Le personnel des gardes forestiers se recrute soit parmi les fils de gardes, soit parmi les anciens sous-officiers de l’armée. En général on préfère les premiers, qui, ayant vécu dans les bois depuis leur enfance, en connaissent les travaux, en aiment la solitude, et savent se contenter des joies d’un intérieur calme et honnête, auxquelles les anciens sous-officiers préfèrent souvent les plaisirs du cabaret. Les gardes n’ont guère d’avancement à espérer ; dans les circonstances, ordinaires, ils peuvent tout au plus atteindre le grade de brigadier, qui leur donne une certaine autorité et peut porter leur traitement annuel à 1,000 francs. Bien que les grades supérieurs de la hiérarchie administrative leur soient accessibles, il en est peu qui y parviennent. Pour devenir gardes-généraux, les brigadiers ont à subir un examen spécial, toujours fort difficile pour des hommes dont l’instruction première a généralement été négligée, Cependant il s’en trouve qui, joignant à une volonté énergique une intelligence assez ouverte, ne craignent pas de se mettre à l’œuvre, et parviennent, à force de persévérance, à conquérir les grades supérieurs. Toutefois c’est l’exception, et le plus grand nombre des agens forestiers sort de l’école de Nancy[1].
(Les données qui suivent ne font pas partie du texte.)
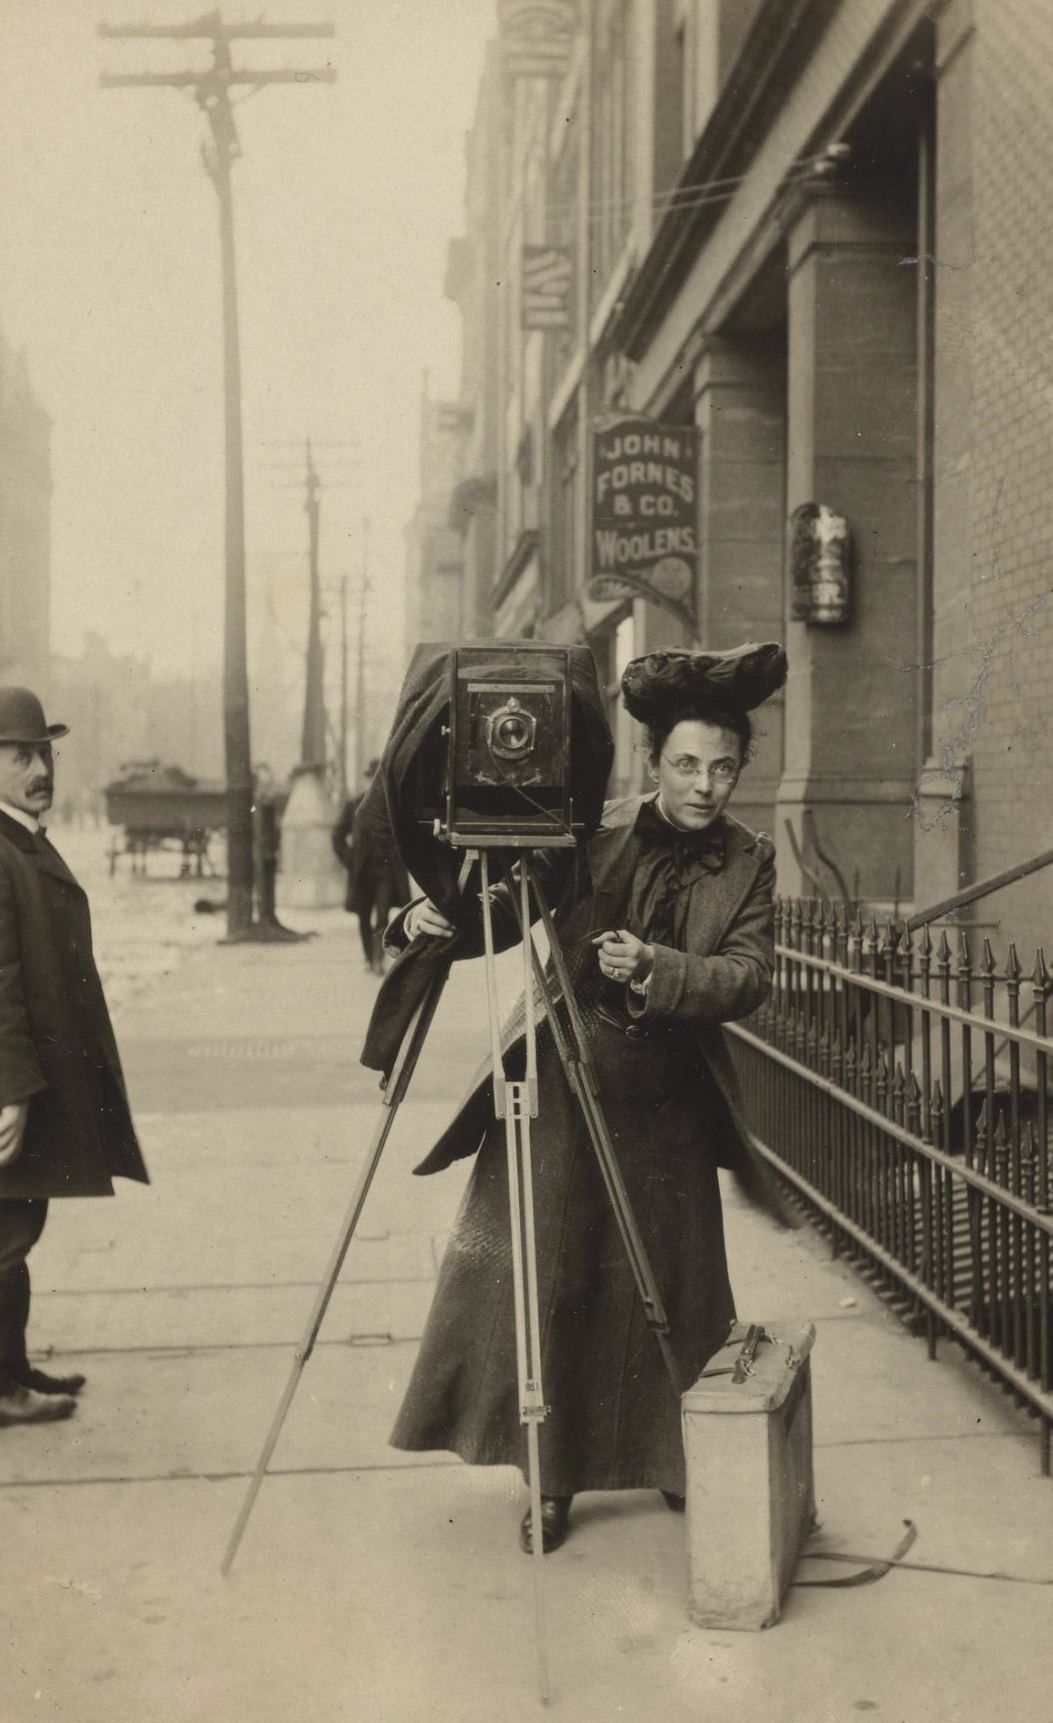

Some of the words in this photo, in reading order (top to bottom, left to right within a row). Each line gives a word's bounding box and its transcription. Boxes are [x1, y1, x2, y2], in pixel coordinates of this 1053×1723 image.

[606, 434, 680, 460] JOHN
[597, 461, 694, 503] FORNES
[613, 494, 632, 516] &
[639, 494, 679, 517] CO.
[596, 526, 694, 568] WOOLENS
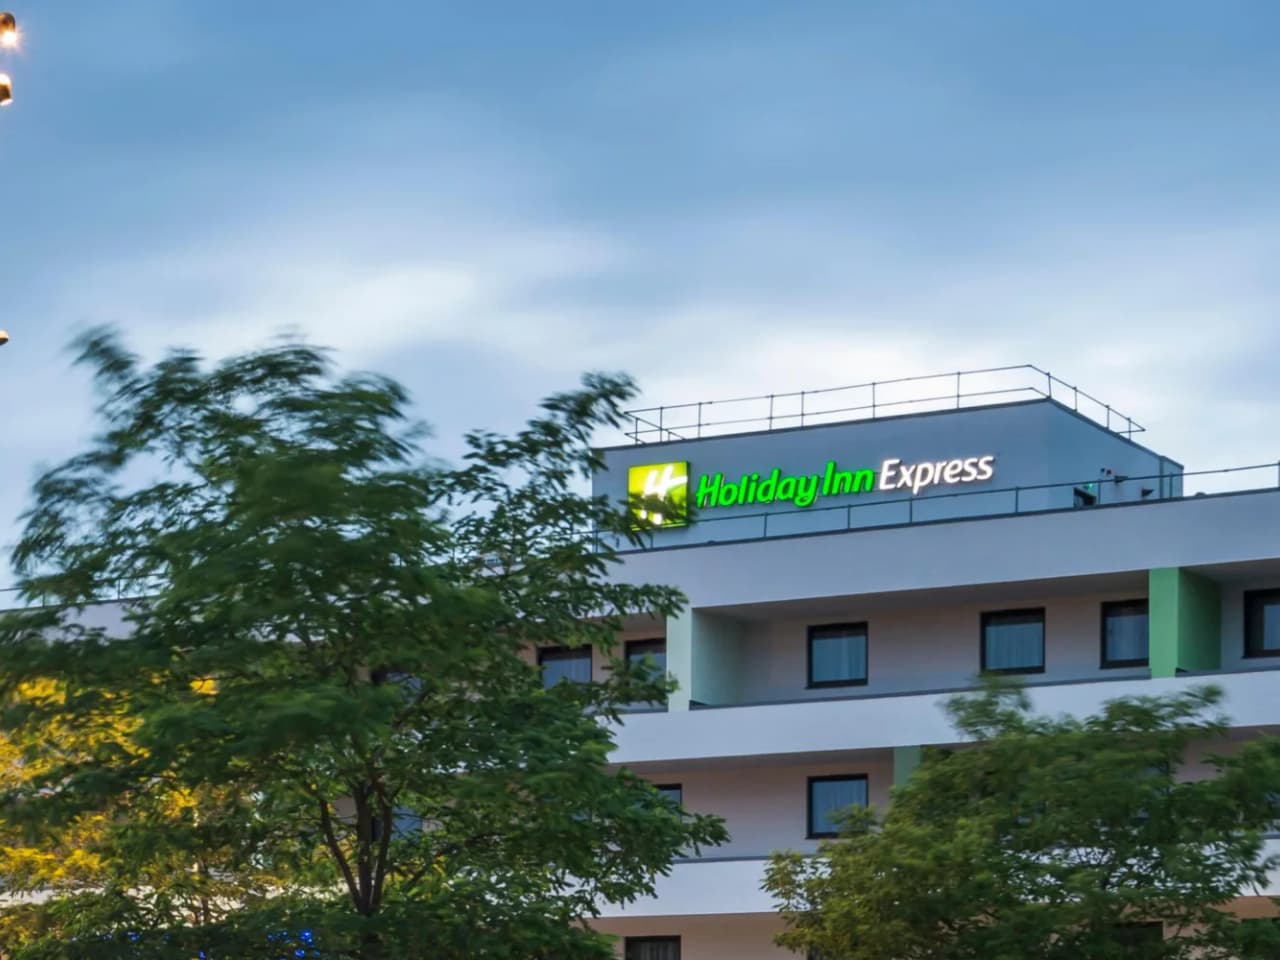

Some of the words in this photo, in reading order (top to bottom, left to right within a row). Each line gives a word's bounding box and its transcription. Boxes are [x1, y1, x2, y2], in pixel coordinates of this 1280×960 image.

[696, 468, 818, 508] Holiday
[822, 460, 875, 496] Inn
[879, 455, 994, 495] Express
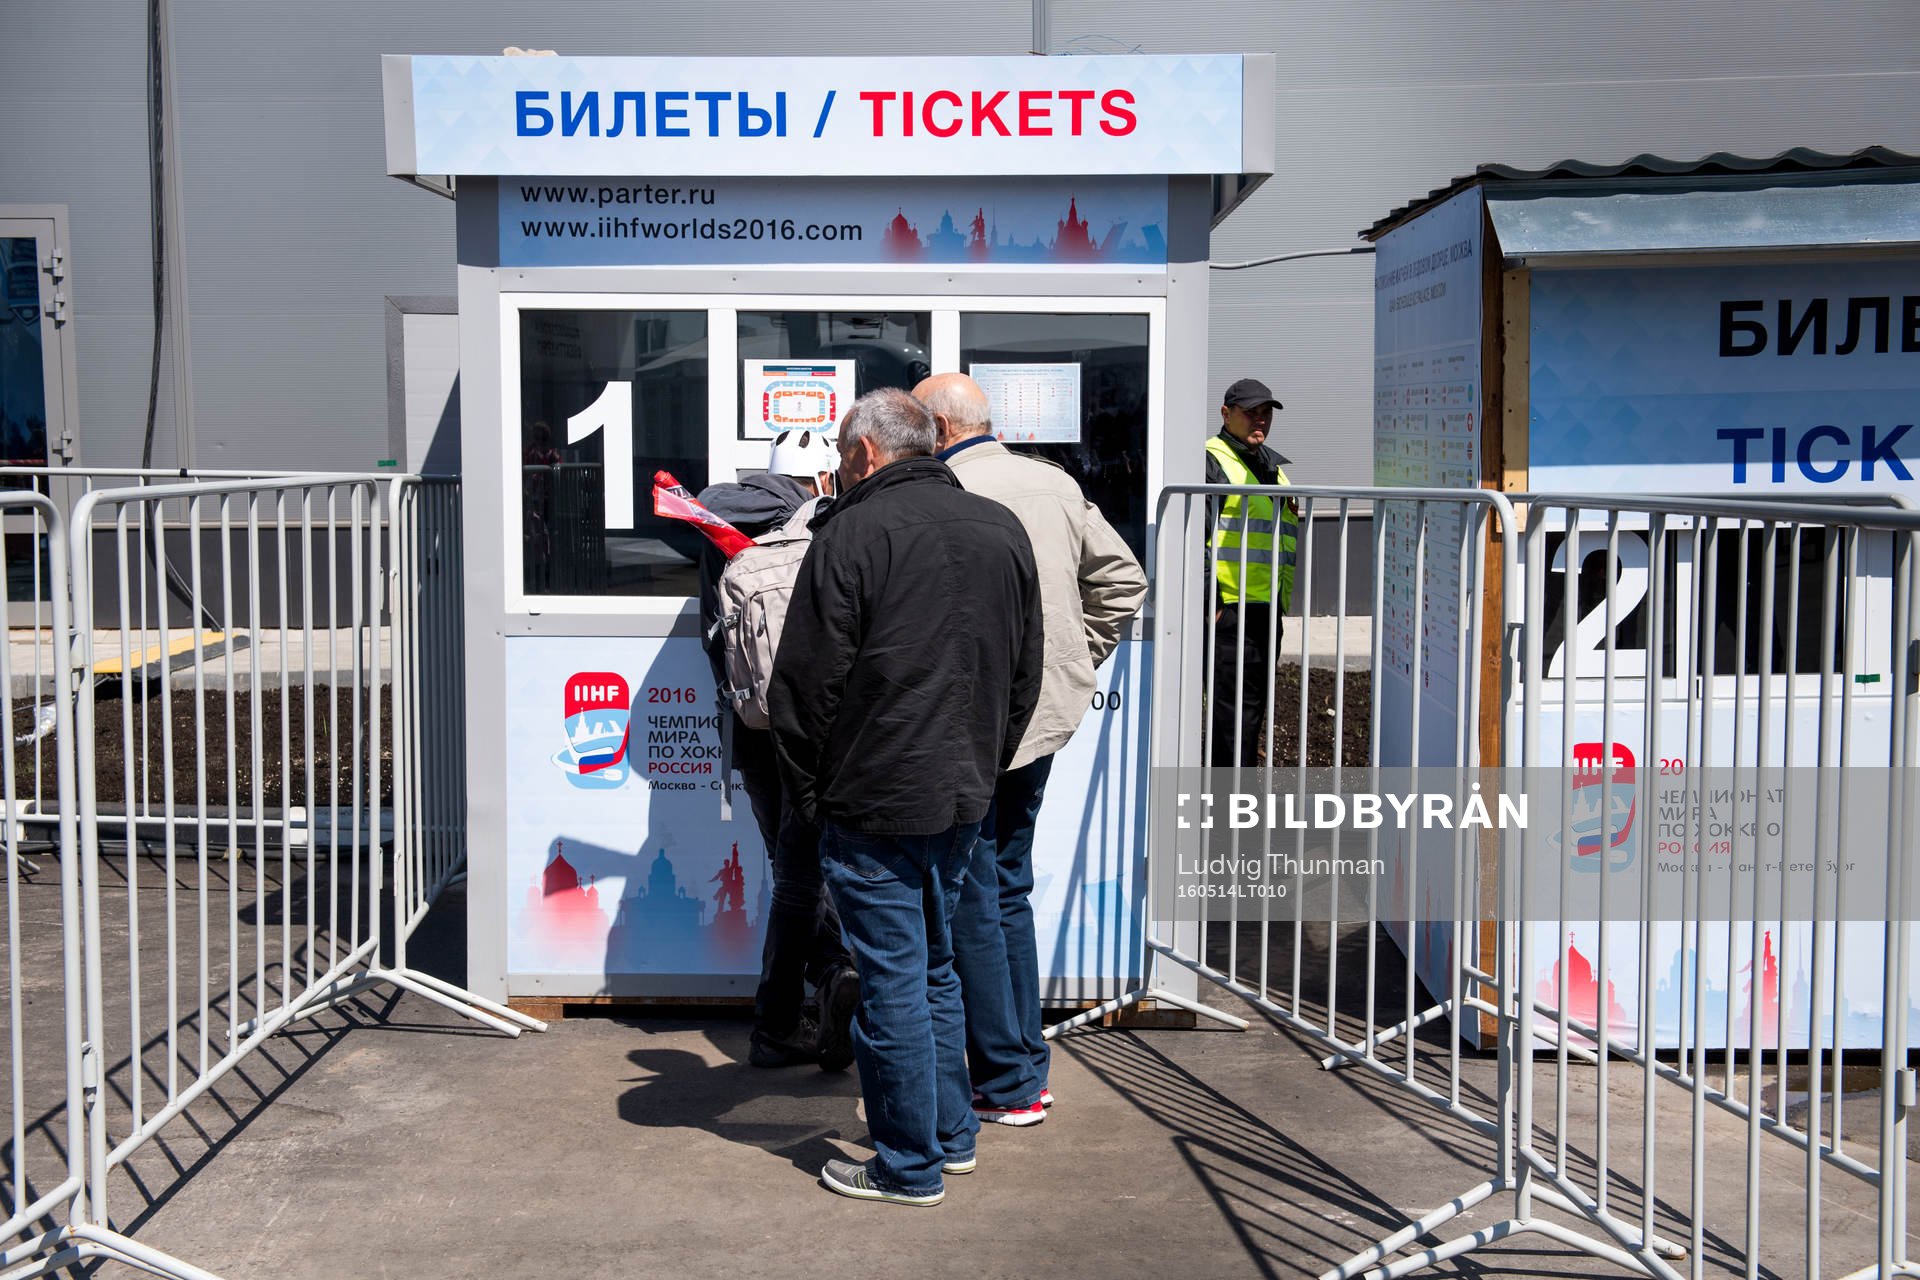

  1. C’est pour faciliter aux gardes l’accession aux emplois supérieurs, en même temps que pour former des sujets instruits dans toutes les branches du service, que l’ordonnance réglementaire du 1er août 1827 avait prescrit la création, par régions, d’écoles spéciales de gardes forestiers ; mais jusqu’à présent l’exécution de cette utile mesure a été différée.